軟硬兼施,既有現實的壓力,也有未來的誘惑,更有對對方核心價值的精準肯定。
朱總工陷入了沉思,手指敲擊桌面的節奏變得緩慢而沉重。
他看了看眼前三人,他們眼中沒有貪婪,只有一種灼熱的、指向未來的急切和誠懇。
他們描述的藍圖,雖然聽起來像天方夜譚,卻莫名地讓人心潮澎湃。
終於,他長舒一口氣,彷彿下定了決心,臉上那種圓滑的職業笑容褪去,取而代之的是一種技術負責人談到專業時的銳利和認真。
“宋教授,呂辰同志,謝凱同志,”朱總工的聲音壓低了一些,“你們……到底要做甚麼?需要感光材料達到甚麼樣的極限指標?不瞞你們說,我們實驗室最近在攻關新一代高解析度X光片,確實有一些新的進展和想法,但你們提到的‘幾微米線條’,這已經完全跳出了傳統鹵化銀體系的框架了。不搞清楚最終目標,我很難判斷我們到底能貢獻甚麼,又需要甚麼樣的幫助。”

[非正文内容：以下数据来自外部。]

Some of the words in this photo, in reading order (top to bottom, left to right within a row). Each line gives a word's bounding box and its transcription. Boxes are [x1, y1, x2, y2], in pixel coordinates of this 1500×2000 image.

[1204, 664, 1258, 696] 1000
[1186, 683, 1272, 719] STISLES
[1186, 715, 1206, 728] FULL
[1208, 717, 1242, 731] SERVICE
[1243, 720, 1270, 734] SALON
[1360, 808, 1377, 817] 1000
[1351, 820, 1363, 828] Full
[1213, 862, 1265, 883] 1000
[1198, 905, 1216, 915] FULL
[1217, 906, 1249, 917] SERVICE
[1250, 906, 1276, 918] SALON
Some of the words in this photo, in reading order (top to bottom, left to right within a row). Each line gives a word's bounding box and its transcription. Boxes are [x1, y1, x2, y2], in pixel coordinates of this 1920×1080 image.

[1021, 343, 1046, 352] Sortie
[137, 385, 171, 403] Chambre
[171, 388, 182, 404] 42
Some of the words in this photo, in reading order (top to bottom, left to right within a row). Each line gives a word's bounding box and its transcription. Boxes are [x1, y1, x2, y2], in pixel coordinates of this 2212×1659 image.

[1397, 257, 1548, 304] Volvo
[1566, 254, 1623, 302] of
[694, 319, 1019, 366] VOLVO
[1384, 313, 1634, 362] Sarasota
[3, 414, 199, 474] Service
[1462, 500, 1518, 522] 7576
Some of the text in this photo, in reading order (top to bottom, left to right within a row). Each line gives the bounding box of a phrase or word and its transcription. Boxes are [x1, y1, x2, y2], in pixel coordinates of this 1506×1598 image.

關鍵的轉折點到了,對方開始詢問具體需求,這是開啟技術話匣子的第一步。
此刻需要給出一些更實質、更震撼的資訊,才能徹底打破對方的心理防線,建立起真正的技術共鳴。
宋顏教授微微點頭,對朱總工說:“朱總工,接下來我們要談的內容,屬於‘星河計劃’前期調研範圍,請您暫時保密。”
“當然!”朱總工神情一肅。
宋顏教授緩緩說道:“我們要做的,不是給山川大地拍照,也不是給人拍X光片。我們要做的,是在比指甲蓋還小的矽片上,用‘光’作為畫筆,繪製出極其精細的電子線路圖。這些線路的寬度和間隔,目標就是在微米級別,未來甚至會追求更細。我們需要的感光材料,我們稱之為光刻膠,就是那張至關重要的‘感光底片’。它的解析度,直接決定了我們能在多小的面積上‘安裝’多少個電子元件,也就直接決定了未來計算機的心臟能有多強大。”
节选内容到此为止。